# Saved entries

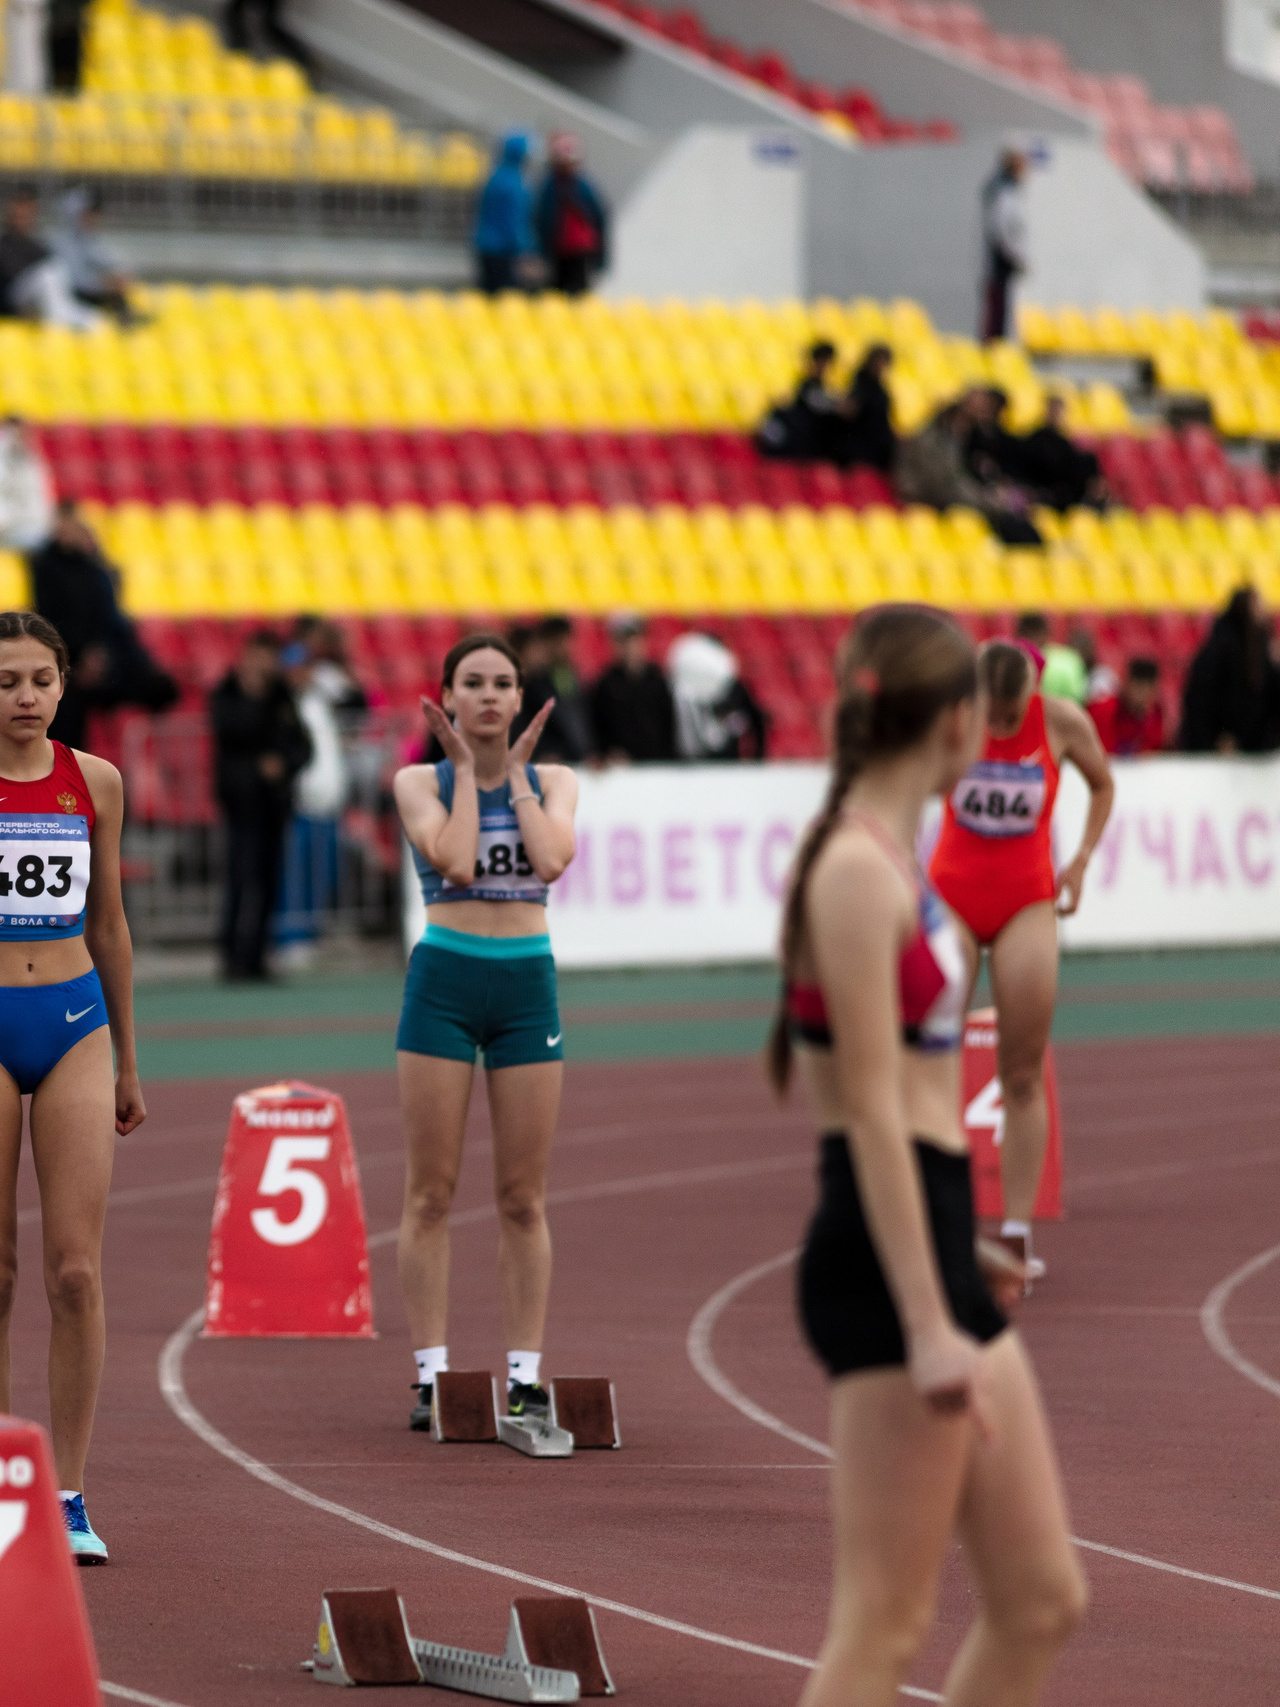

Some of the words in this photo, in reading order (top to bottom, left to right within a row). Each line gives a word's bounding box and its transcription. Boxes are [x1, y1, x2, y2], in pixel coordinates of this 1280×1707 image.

[963, 787, 1029, 819] 484
[1096, 808, 1280, 889] УЧАС
[10, 917, 44, 926] ВФЛА
[964, 1076, 1006, 1145] 4
[250, 1136, 331, 1246] 5

# WHAT YOU WILL DO
Send back every record exactly as it stands, except the pictures.

# EXERCISE OUTPUT
Some of the words in this photo, in reading order (top to bottom, left to right within a row). Each line gives a word's bounding box and its transcription. Boxes are [x1, y1, x2, y2], in pixel coordinates of this 1280×1707 image.

[963, 787, 1029, 819] 484
[1096, 808, 1280, 889] УЧАС
[10, 917, 44, 926] ВФЛА
[964, 1076, 1006, 1145] 4
[250, 1136, 331, 1246] 5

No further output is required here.